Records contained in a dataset
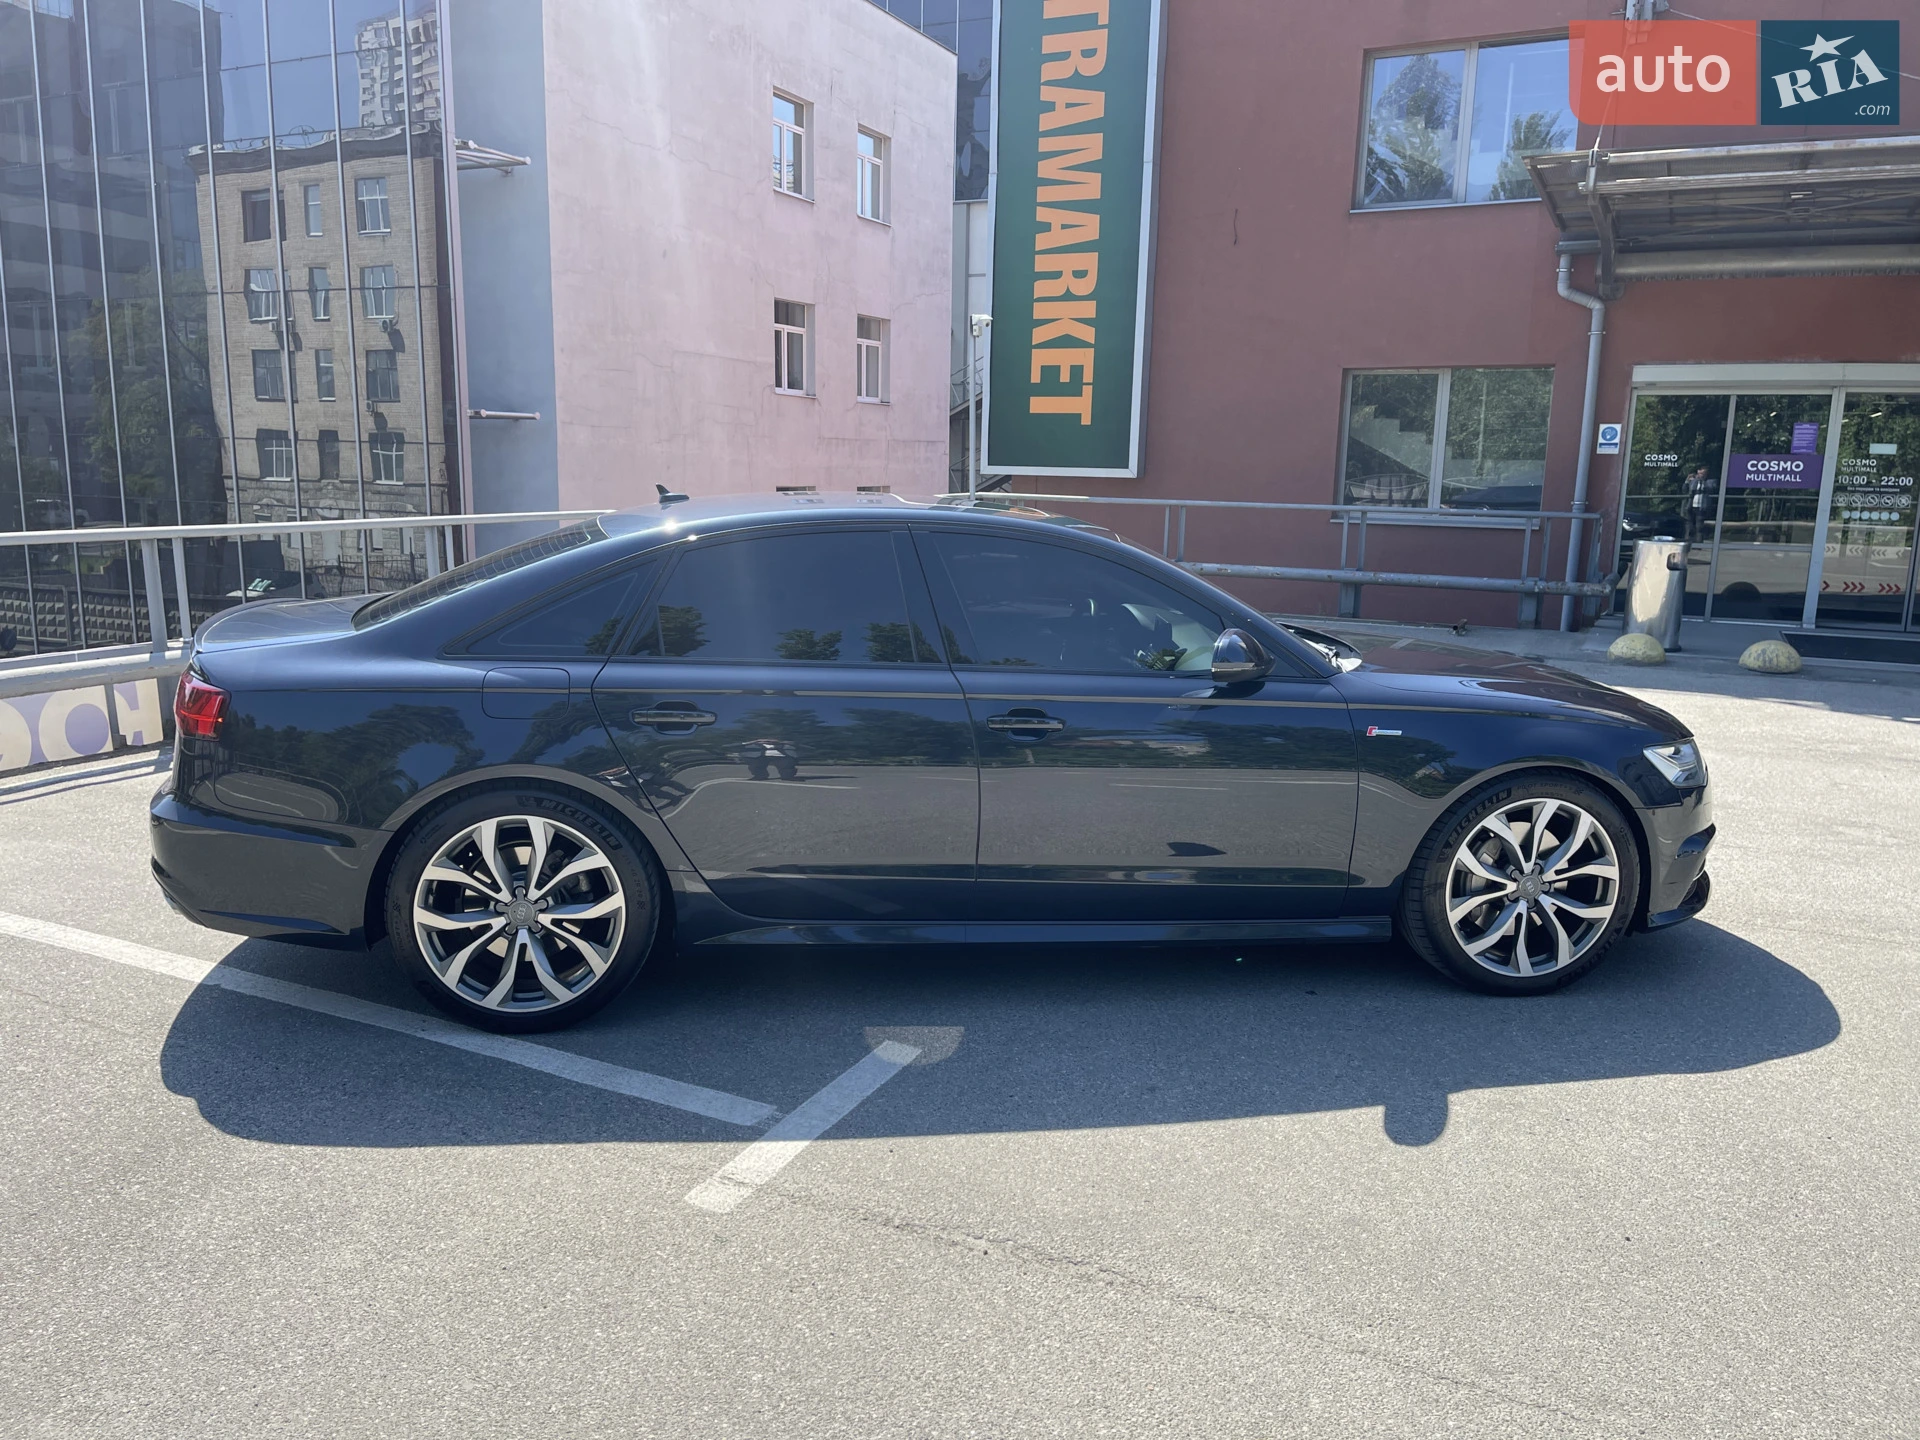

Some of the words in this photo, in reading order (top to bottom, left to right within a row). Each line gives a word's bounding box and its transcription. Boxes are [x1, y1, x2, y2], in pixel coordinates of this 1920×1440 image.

[1644, 453, 1678, 462] COSMO
[1841, 458, 1877, 467] COSMO
[1747, 460, 1804, 472] COSMO
[1745, 473, 1802, 482] MULTIMALL
[1837, 475, 1867, 485] 10:00
[1880, 476, 1913, 486] 22:00
[1447, 788, 1509, 846] MICHELIN
[541, 799, 620, 850] MICHELIN

TASK GOAL: Set the entries down again exactly. Do not include the images.

RESULT OF THIS EXERCISE:
Some of the words in this photo, in reading order (top to bottom, left to right within a row). Each line gives a word's bounding box and its transcription. Boxes are [x1, y1, x2, y2], in pixel coordinates of this 1920×1440 image.

[1644, 453, 1678, 462] COSMO
[1841, 458, 1877, 467] COSMO
[1747, 460, 1804, 472] COSMO
[1745, 473, 1802, 482] MULTIMALL
[1837, 475, 1867, 485] 10:00
[1880, 476, 1913, 486] 22:00
[1447, 788, 1509, 846] MICHELIN
[541, 799, 620, 850] MICHELIN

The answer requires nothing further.